BETHANY (WHEELER) BESS—Bethany earned a teaching certificate at Spring Arbor College, and she also met her future husband, Brian, there. They were married in 2006 and moved to his home town, Chardon, Ohio.

She’s worked as a substitute teacher and has taught classes at Agape Christian Academy. She also teaches horseback riding at Beracah Valley Farm.

Their son, William, was born a year ago.

“Of all the life experiences I’ve lived so far,” Bethany said, “having a child has taught me the most.”

DESIREE (BURROW) HOLCOMB—Desirée attended Western Michigan University for a year and then took nursing classes at Jackson Community College. She finally realized that wasn’t what she was looking for and eventually developed an interest in business.

Desirée lives in Rossford, Ohio, with her husband, Shane, and their two children, Quinton, 2, and Audrey, 1.

She serves as a general manager for Marco’s Pizza and also as corporate training manager for Marco’s.

“I plan to go back to college and get my degree in business management,” she said, “and hopefully someday own my own pizza place.”

JACOB BACH—Jacob followed his childhood dream of studying archeology and earned dual degrees in comparative religion and archeology. That was followed by graduate studies in archeology.
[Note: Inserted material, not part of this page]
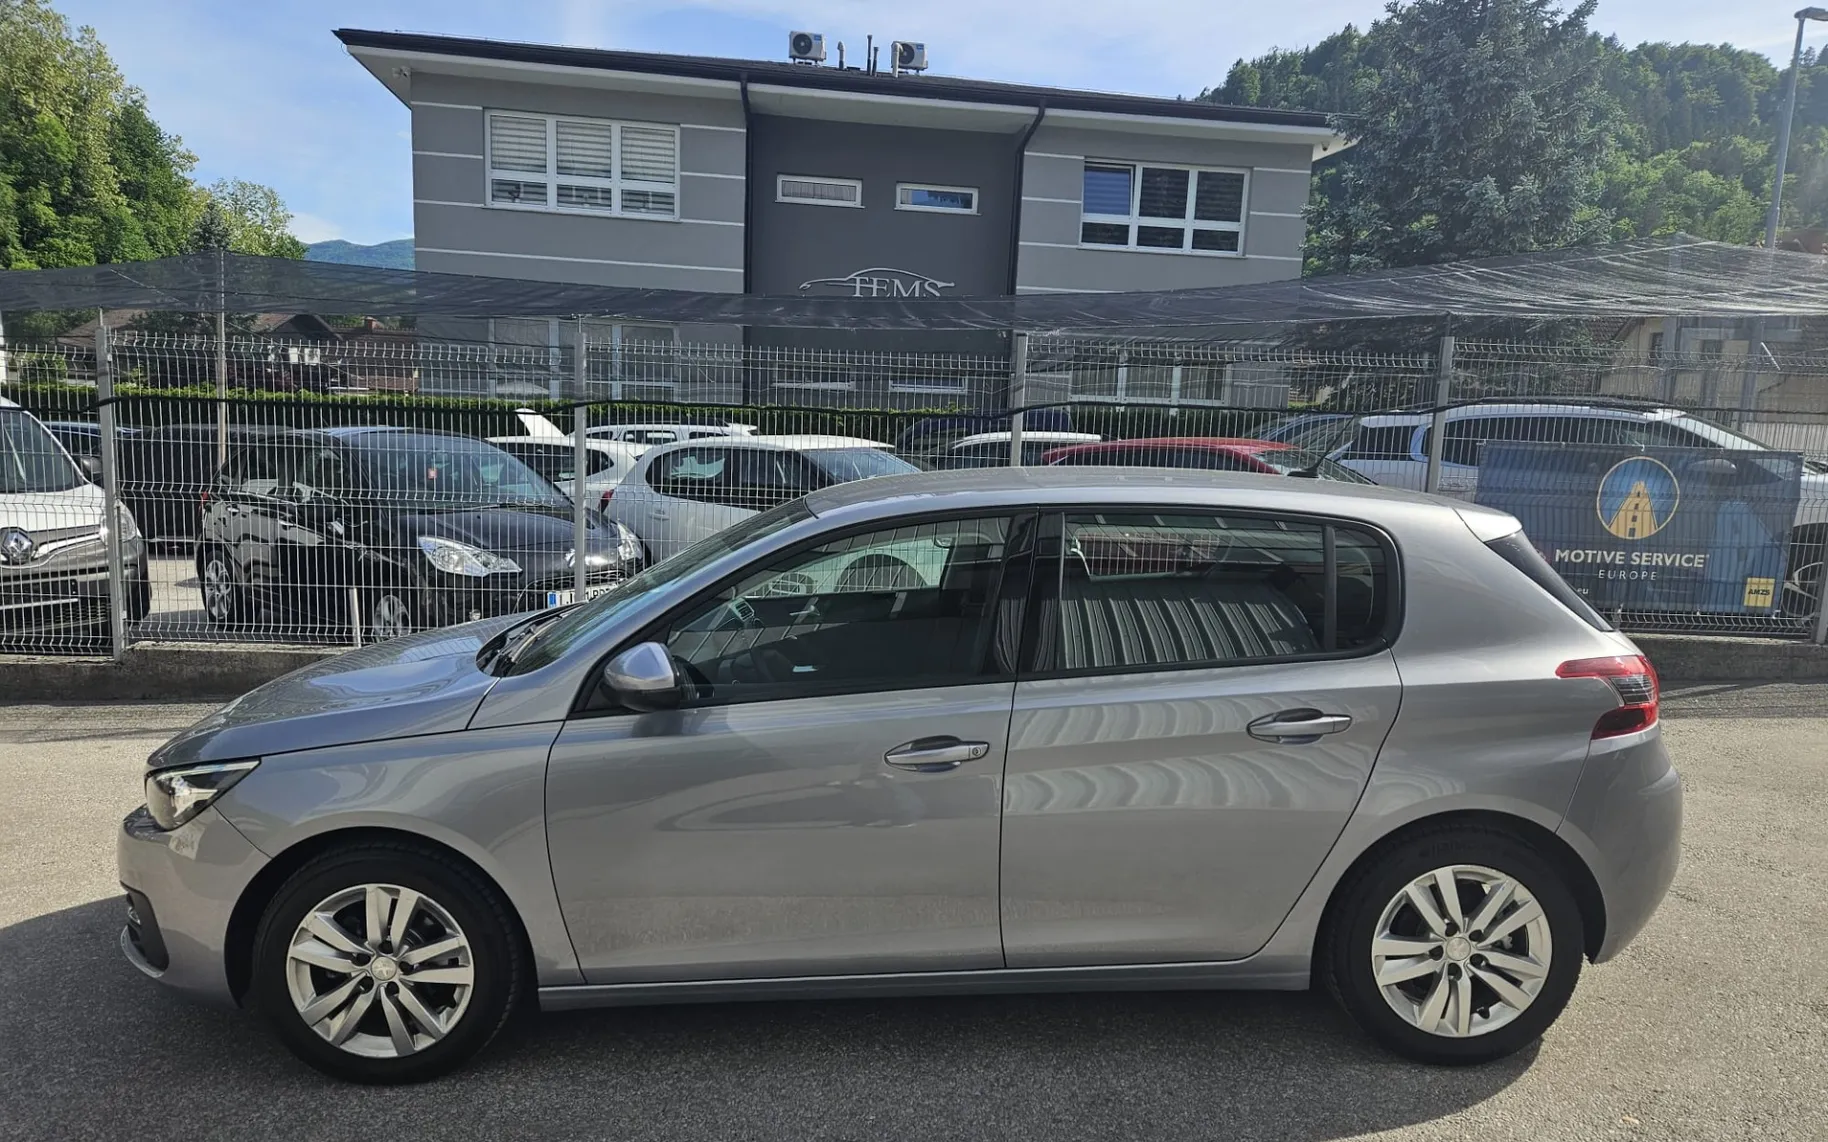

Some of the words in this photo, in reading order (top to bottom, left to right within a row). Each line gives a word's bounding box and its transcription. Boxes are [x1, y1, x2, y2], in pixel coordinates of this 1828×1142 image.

[852, 276, 941, 297] TEMS
[1555, 549, 1625, 564] MOTIVE
[1630, 551, 1705, 568] SERVICE
[1598, 569, 1657, 581] EUROPE
He and his wife, Katie, accepted a forest service job with the U.S.D.A. in Pennsylvania and later, along with their son, Forrest, joined the Americorps VISTA program and worked at an organic herb farm that served as an educational facility for visiting school children. Farming was also something he was interested in.
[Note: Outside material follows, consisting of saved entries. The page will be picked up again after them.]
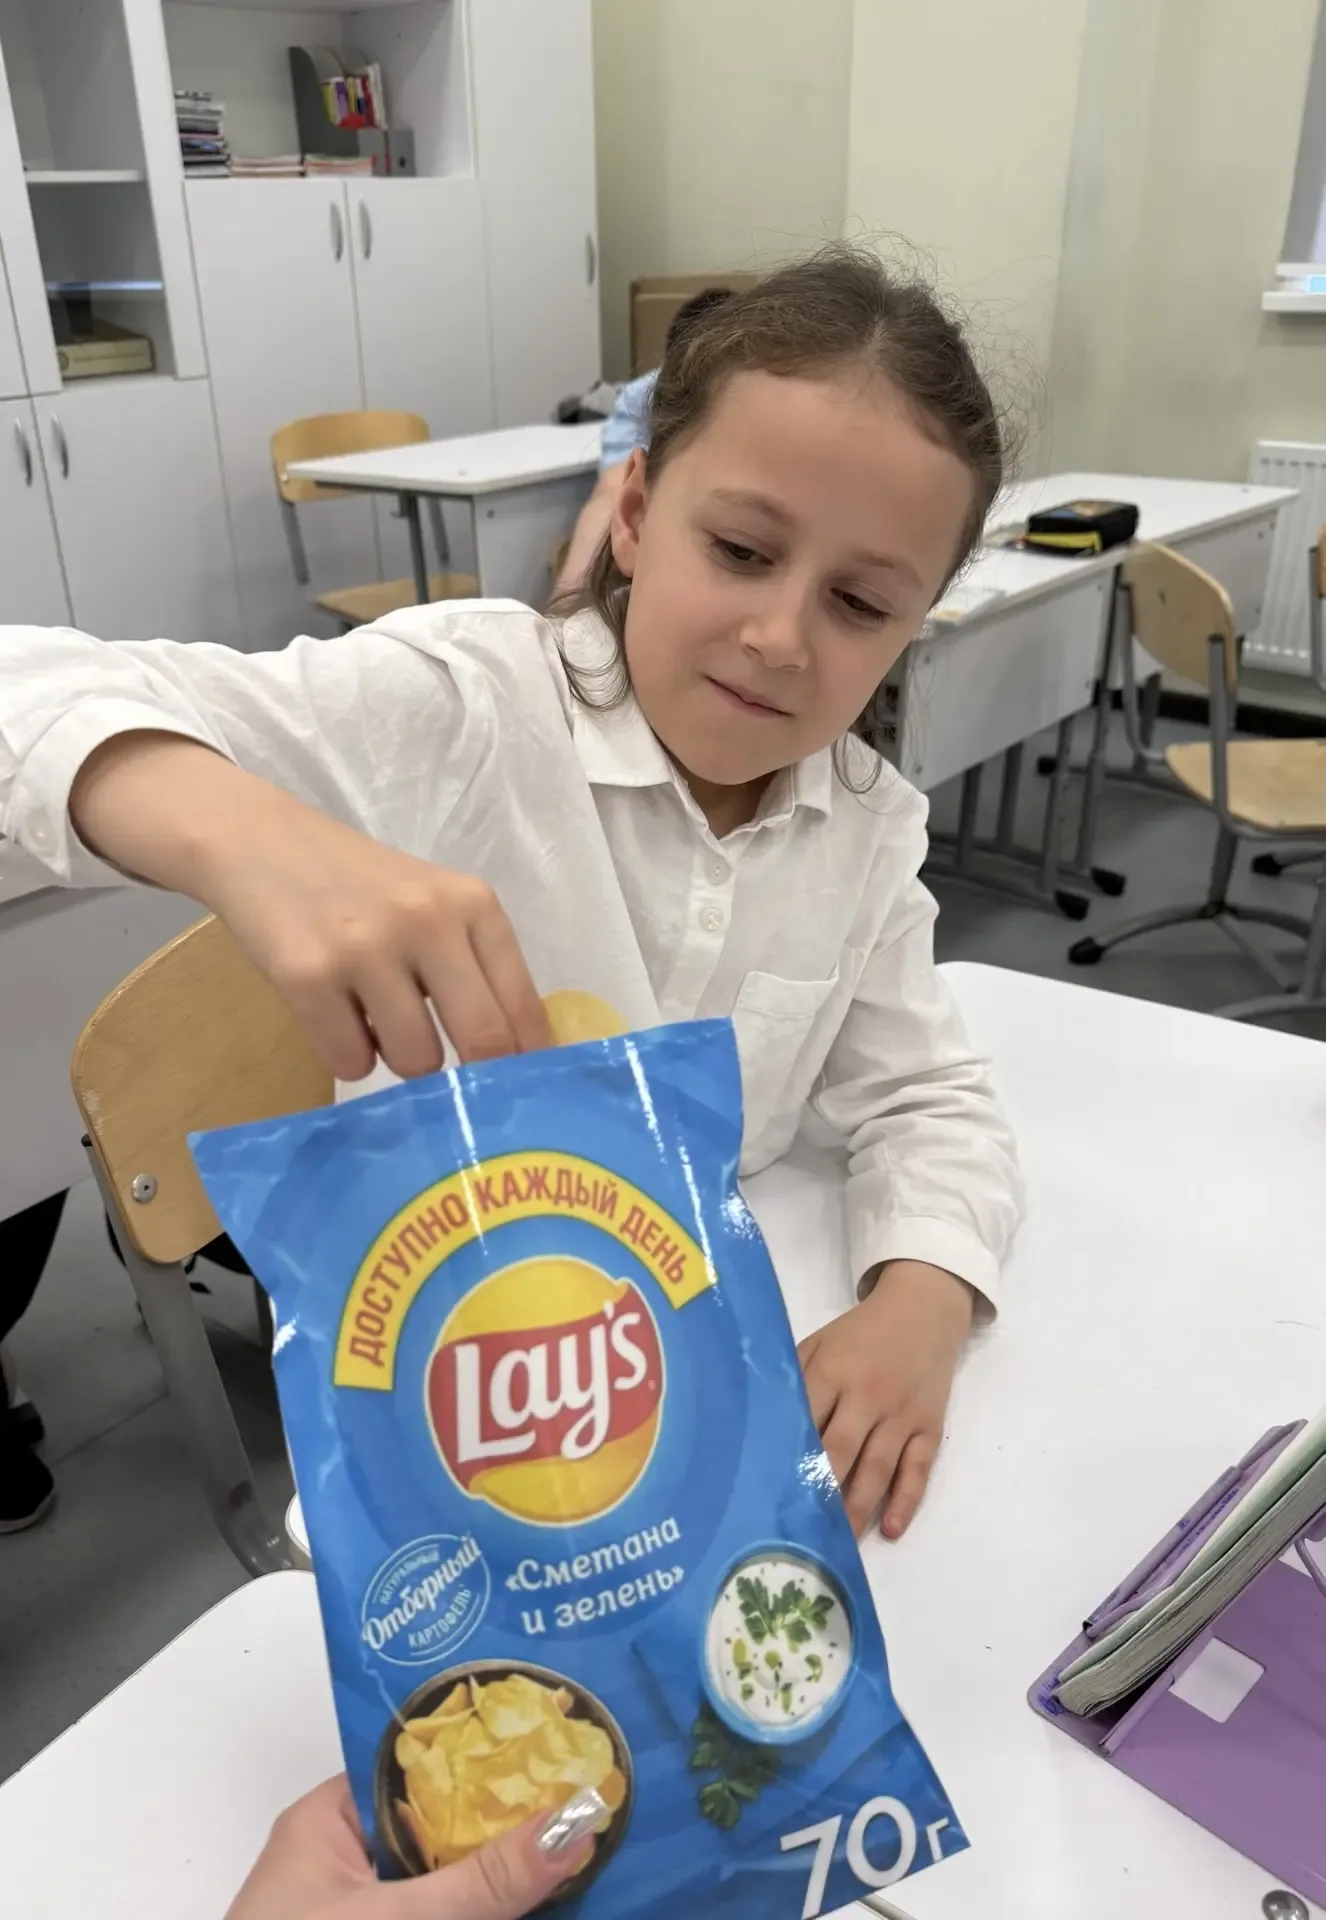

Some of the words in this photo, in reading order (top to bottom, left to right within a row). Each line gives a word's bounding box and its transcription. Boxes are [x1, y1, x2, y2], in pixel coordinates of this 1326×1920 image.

[350, 1192, 469, 1367] ДОСТУПНО
[474, 1166, 620, 1221] КАЖДЫЙ
[620, 1204, 688, 1285] ДЕНЬ
[455, 1300, 648, 1463] Lay's
[362, 1533, 482, 1650] Отборный
[505, 1517, 681, 1592] «Сметана
[521, 1609, 545, 1635] и
[554, 1566, 685, 1629] зелень»
[408, 1586, 472, 1648] КАРТОФЕЛЬ
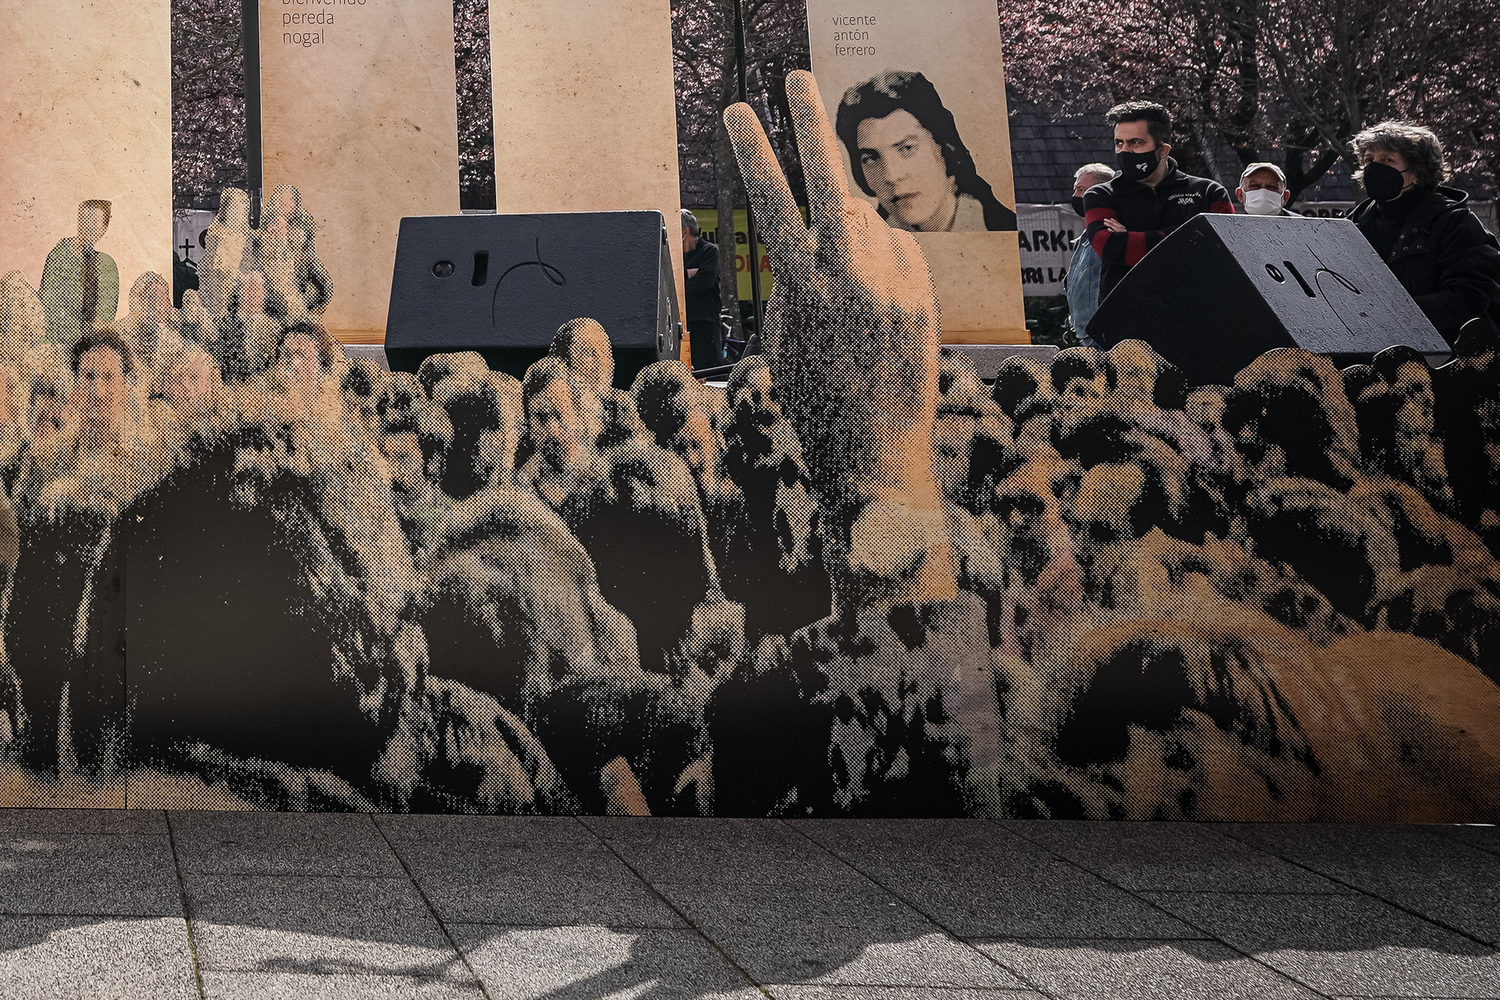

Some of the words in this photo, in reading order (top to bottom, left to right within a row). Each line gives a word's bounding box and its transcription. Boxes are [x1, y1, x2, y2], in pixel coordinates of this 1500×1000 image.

[282, 9, 335, 27] pereda
[832, 14, 877, 26] vicente
[283, 28, 325, 48] nogal
[833, 29, 869, 41] antón
[835, 43, 876, 56] ferrero
They returned to Michigan and worked at a farm near Bangor that practiced Community Supported Agriculture (CSA) in which subscribers buy shares of food grown by the farm.

Jacob later started a CSA on rented land near Katie’s home area, Grand Blanc, and they bought a 20-acre farm near Mayville in December that came with a log house.

Jacob is busy preparing for the 2011 growing season and signing up customers for his new CSA.